The above instruction does differ from the missing instruction. For example, although the above instruction allows the jury to consider a witness' “age,” it does not direct the jury to also consider the witness' “maturity,” like the missing instruction does.
¶ 69 The Sargent court found that, although “the language in IPI Criminal 4th No. 1.02 and IPI Criminal 4th No. 11.66] differ[ ], they convey similar principles regarding the jury's role in assessing witness credibility and the various criteria jurors may consider when making that assessment.” Sargent, 239 Ill.2d at 192, 346 Ill.Dec. 441, 940 N.E.2d 1045. The Sargent court appeared to hold, in effect, that when deciding whether the evidence was closely balanced for purposes of plain error review, a reviewing court may place the hearsay outcry statements on the prosecution's side of the scale, if the trial court had cautioned the jury about a witness' “age” in an instruction based on IPI Criminal 4th No. 1.02, although it had erroneously omitted IPI Criminal 4th No. 11.66.

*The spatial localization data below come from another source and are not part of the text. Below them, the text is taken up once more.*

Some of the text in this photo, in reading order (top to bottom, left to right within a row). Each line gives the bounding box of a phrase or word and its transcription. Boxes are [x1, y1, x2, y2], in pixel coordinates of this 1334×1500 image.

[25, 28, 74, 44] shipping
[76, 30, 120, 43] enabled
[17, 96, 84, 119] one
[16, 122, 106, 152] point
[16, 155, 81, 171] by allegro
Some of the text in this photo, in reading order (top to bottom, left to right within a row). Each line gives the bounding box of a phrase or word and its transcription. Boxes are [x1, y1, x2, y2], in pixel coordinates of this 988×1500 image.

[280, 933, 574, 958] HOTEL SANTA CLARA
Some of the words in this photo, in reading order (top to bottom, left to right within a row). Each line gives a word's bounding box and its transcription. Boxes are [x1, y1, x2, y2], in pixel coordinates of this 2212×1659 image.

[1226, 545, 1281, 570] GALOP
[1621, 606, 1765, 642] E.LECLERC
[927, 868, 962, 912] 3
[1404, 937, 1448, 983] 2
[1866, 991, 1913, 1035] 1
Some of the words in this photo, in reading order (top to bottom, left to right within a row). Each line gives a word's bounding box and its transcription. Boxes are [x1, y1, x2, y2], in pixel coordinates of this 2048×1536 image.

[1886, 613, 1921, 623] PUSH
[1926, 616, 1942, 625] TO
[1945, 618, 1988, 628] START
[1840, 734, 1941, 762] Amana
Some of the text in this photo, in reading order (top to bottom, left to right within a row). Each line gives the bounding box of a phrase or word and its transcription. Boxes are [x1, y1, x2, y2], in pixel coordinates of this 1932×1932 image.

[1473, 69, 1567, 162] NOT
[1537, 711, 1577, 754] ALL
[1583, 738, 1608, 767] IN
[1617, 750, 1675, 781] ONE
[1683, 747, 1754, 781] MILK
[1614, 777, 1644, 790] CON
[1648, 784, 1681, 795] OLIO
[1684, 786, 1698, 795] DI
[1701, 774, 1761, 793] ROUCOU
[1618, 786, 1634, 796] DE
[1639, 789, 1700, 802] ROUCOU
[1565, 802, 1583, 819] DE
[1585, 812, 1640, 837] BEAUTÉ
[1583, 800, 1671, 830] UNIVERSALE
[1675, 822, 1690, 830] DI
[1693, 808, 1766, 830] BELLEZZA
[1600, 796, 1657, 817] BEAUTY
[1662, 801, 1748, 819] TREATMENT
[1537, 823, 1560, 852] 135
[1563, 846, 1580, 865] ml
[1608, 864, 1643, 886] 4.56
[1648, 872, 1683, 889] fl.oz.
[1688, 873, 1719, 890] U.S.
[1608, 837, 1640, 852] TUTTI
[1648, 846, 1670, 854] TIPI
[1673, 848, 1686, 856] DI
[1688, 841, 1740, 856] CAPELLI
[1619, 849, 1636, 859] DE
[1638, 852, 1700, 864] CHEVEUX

¶ 70 As our supreme court also stated, “we do not mean to suggest that [trial] courts have the discretion” to exchange one instruction for another; rather, we conclude only that we may consider the hearsay outcry statements on the prosecution's side of the scale as we determine whether the evidence was closely balanced for purposes of plain error review and whether the omitted instruction was the error that tipped the scales of justice against defendant, in light of the fact that a similar, though not identical, instruction was given. Sargent, 239 Ill.2d at 194, 346 Ill.Dec. 441, 940 N.E.2d 1045.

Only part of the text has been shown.